● **Text-to-region grounding data**
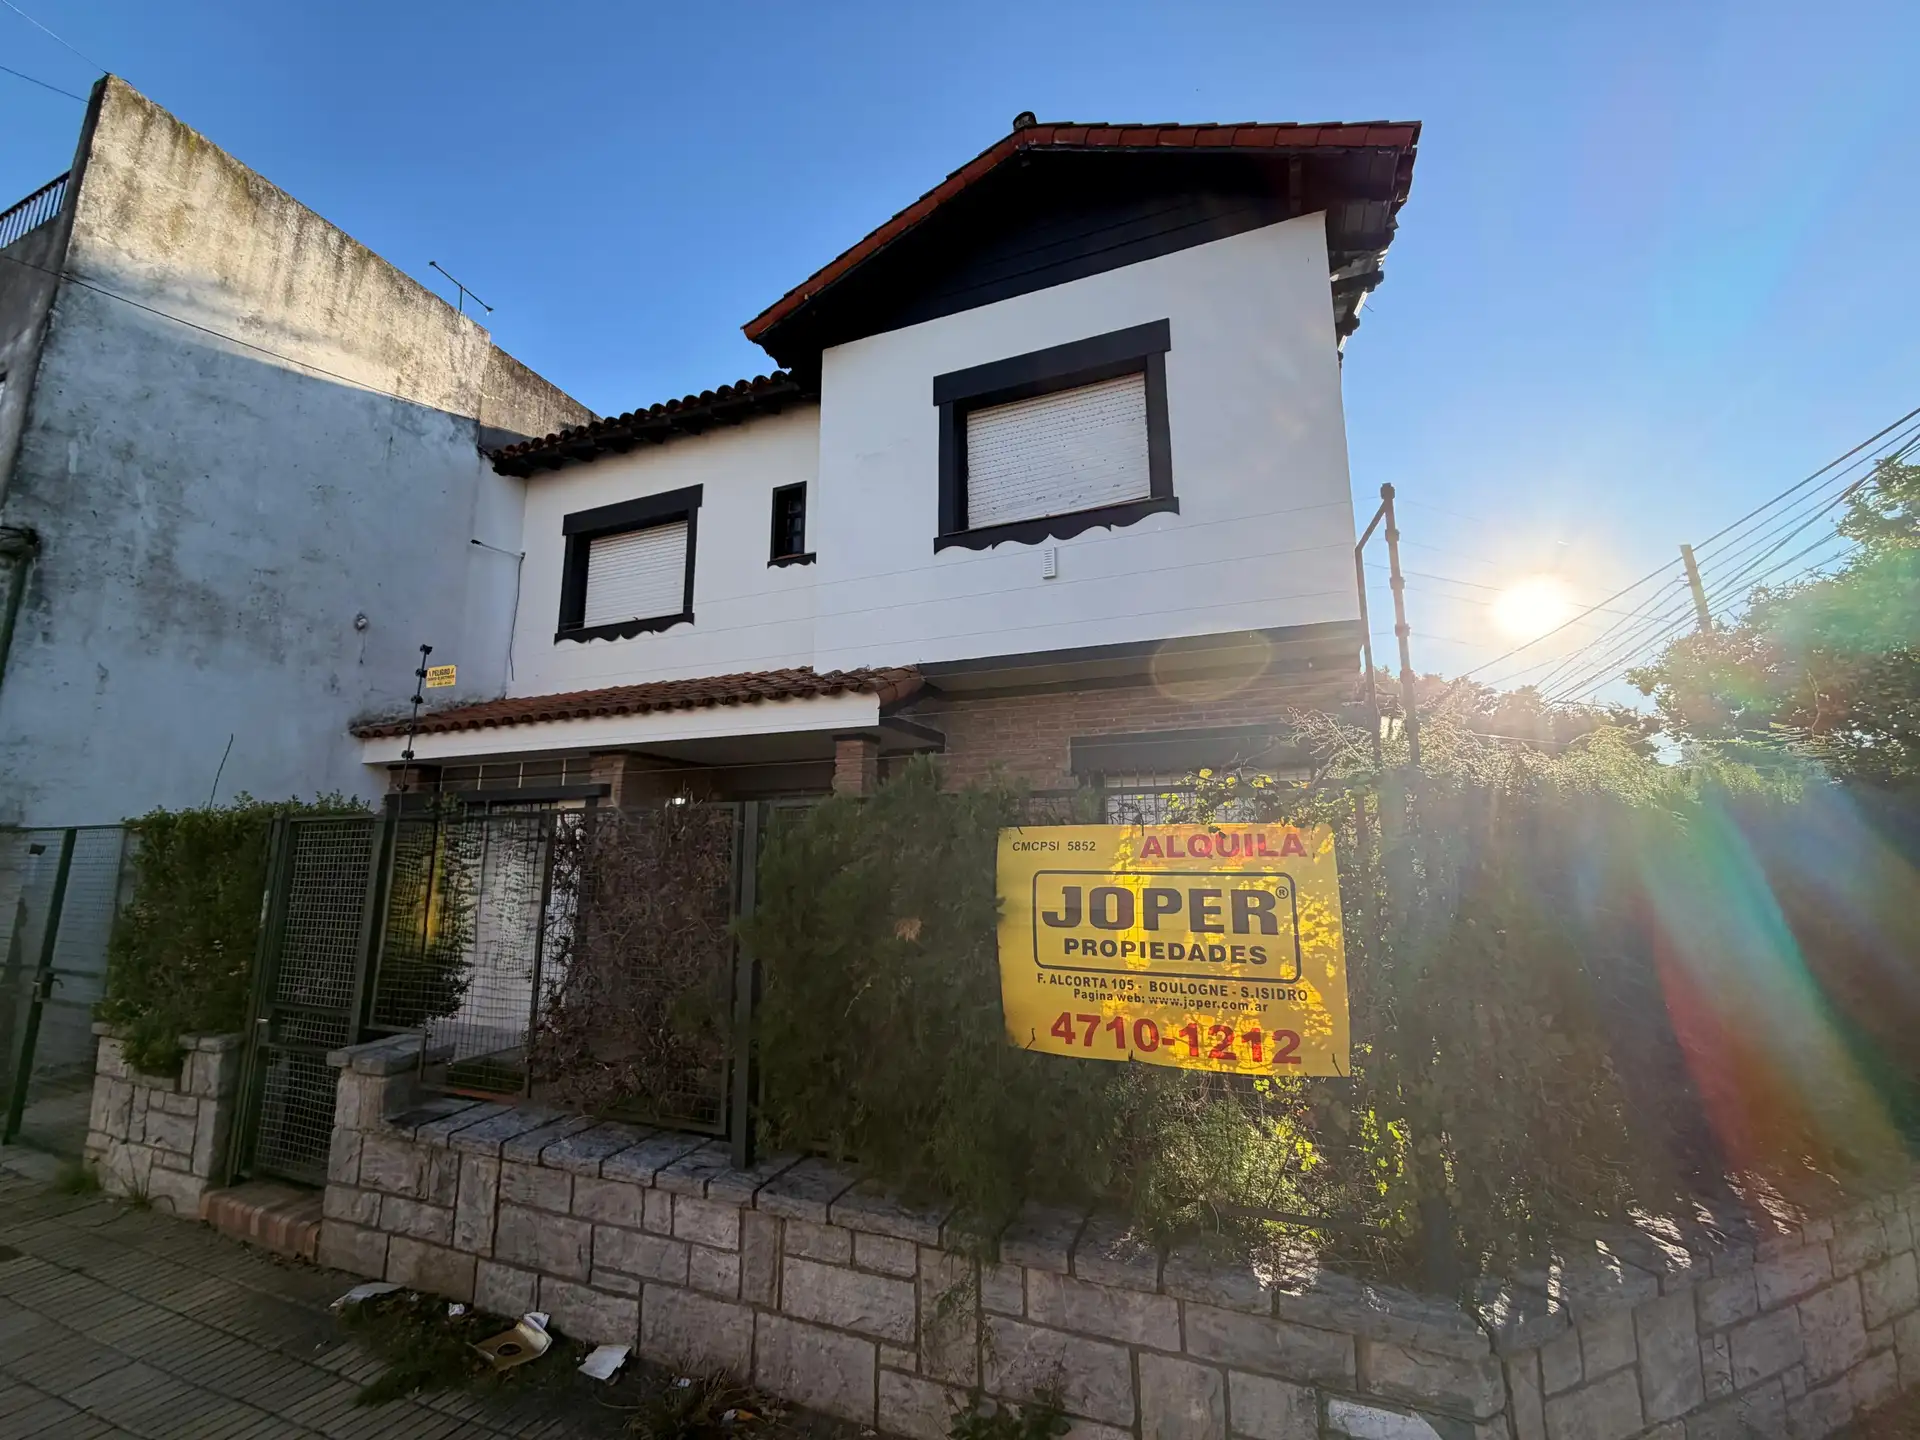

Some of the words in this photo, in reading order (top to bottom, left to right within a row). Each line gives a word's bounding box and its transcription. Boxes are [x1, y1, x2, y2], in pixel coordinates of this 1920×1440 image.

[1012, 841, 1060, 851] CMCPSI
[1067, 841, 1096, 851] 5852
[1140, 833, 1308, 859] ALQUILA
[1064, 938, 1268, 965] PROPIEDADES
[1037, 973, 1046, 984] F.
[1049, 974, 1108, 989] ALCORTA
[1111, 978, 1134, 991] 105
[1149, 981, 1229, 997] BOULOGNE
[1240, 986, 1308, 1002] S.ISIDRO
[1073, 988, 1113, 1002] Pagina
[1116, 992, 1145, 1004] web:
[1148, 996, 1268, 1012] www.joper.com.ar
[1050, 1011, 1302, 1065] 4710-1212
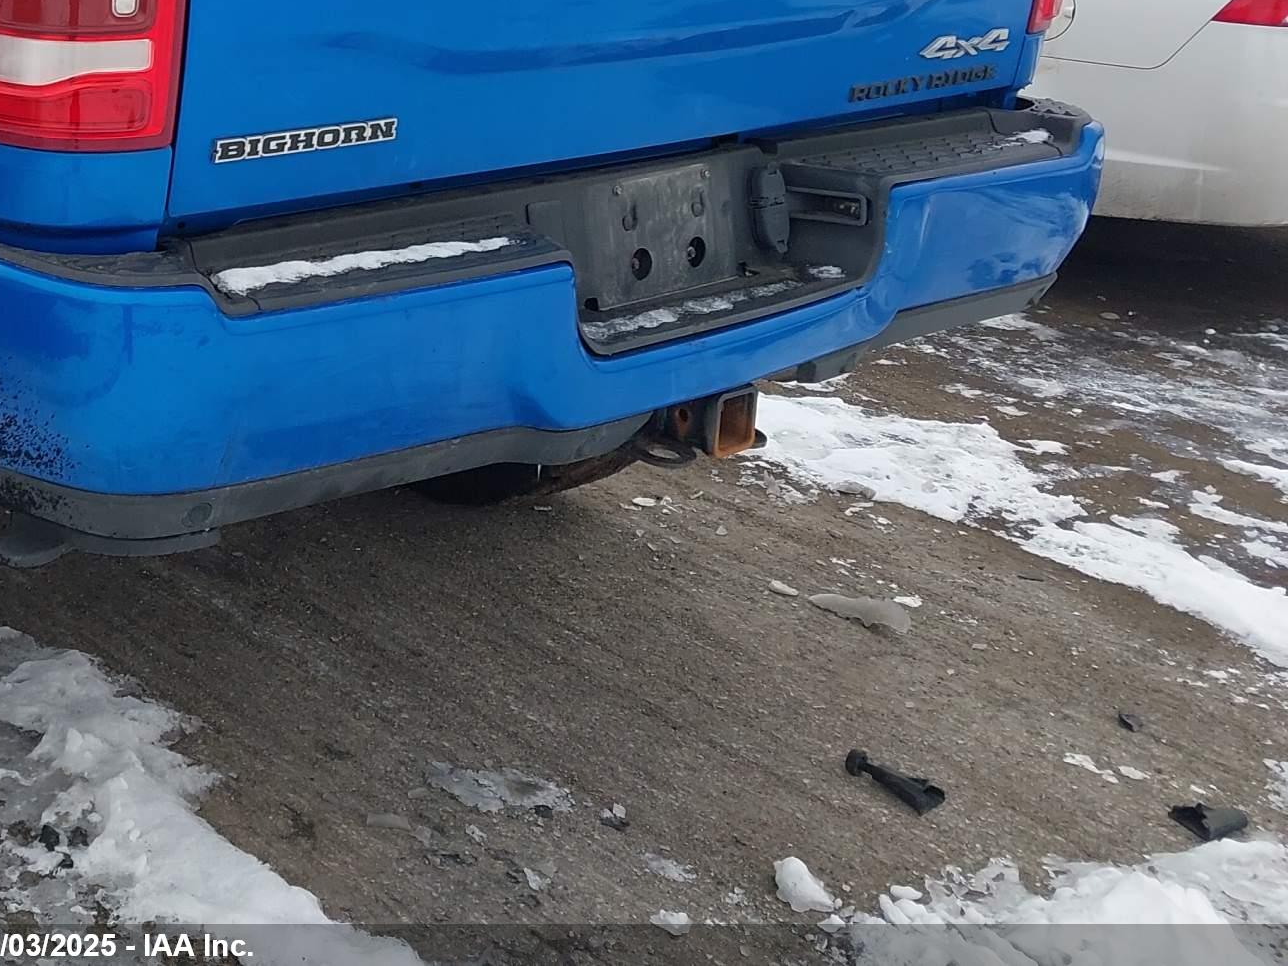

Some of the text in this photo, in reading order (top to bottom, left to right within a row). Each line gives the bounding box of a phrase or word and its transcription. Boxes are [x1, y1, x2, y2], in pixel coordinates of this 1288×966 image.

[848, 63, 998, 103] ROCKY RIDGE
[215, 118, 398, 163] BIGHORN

● **DIRECTIONS FOR THIS TASK**
Once you find the line containing "Some of the text", copy it and every line after it through the end of the records, exactly and nothing else.

● **REPLY**
Some of the text in this photo, in reading order (top to bottom, left to right within a row). Each line gives the bounding box of a phrase or word and its transcription. Boxes are [x1, y1, x2, y2], in pixel coordinates of this 1288×966 image.

[848, 63, 998, 103] ROCKY RIDGE
[215, 118, 398, 163] BIGHORN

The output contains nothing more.